Third Sunday in Lent

Third Sunday in Lent

Third Sunday in Lent

Wicker Park Lutheran Church

Vicar Paul Eldred

March 19th, 2017

 

Grace and peace to you from God our Creator and our Lord and Savior Jesus Christ.  Amen.

Has anyone else here been watching the new nature documentary, Planet Earth II?  I have.  When the first episode premiered a few weeks ago, I turned it on for some background noise and to catch some glimpses of spectacular natural wonders, but before I knew it I was hooked!  I couldn’t look away!  The series has a surprisingly enticing way of bringing to life the dramatic stories that play out in nature all around us – often without our notice.  Now the intricate details of the lives of these exotic animals that are scraping out a way of life in beautiful but demanding climates captivate millions of people around the world, myself included.  Last week, I was engrossed by the literal life and death struggle for a small family of elephants in Africa’s Kalahari Desert as they desperately searched for water.  They trudged through the barren and arid landscape hoping that they would find water before it was too late.  And just when it seemed that the burning sands would be unending, they find a watering hole full of life.  Zebras, antelope, giraffes, ostriches, birds, and more huddle around this small oasis in the desert as they all lapped from this fountain of life.  The animals that traveled for miles to find this water source show that even with the diversity of wildlife – four legged or winged, big or small, they all share a common need of water to live.

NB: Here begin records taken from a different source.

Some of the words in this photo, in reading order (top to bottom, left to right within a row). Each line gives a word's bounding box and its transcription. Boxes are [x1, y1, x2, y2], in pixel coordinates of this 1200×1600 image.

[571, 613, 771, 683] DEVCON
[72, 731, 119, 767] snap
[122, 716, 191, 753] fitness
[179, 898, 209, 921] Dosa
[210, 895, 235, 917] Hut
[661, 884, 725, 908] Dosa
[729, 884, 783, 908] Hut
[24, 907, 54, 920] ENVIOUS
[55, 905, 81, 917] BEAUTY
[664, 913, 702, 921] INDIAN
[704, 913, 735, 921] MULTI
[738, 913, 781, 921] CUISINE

In a land of abundance like the United States, it can be easy for many of us to forget how important a basic resource like water is and how difficult it is for so many people around the world to safely drink water.  All we have to do is turn on the tap and it’s there.  Personally, I so rarely think about having to find water that I literally have an app on my phone whose sole purpose is to remind me periodically to drink a glass to make sure I drink enough.

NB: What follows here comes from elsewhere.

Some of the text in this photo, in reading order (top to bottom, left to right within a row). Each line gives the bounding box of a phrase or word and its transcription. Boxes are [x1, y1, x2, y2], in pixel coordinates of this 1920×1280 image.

Over 70% of our planet is covered by water.  Around 60% of our bodies are water.  Civilizations have always been established around water.  This city was built at the mouth of the Chicago River on the edge of Lake Michigan.  As NASA explores the galaxy, they constantly search for water.  And yet, on this planet, nearly 700 million people – one tenth of the global population – lack basic access to clean water.[1]  Many of these people must walk for miles to get water that is often dirty.  This water shortage kills millions of people a year.[2]  And even in this country, the fight continues for the protection of water that sustains many endangered communities from Flint, Michigan to Standing Rock, North Dakota to just down the road in South Chicago.  Access to this basic need for life is all too frequently threatened by greed or apathy.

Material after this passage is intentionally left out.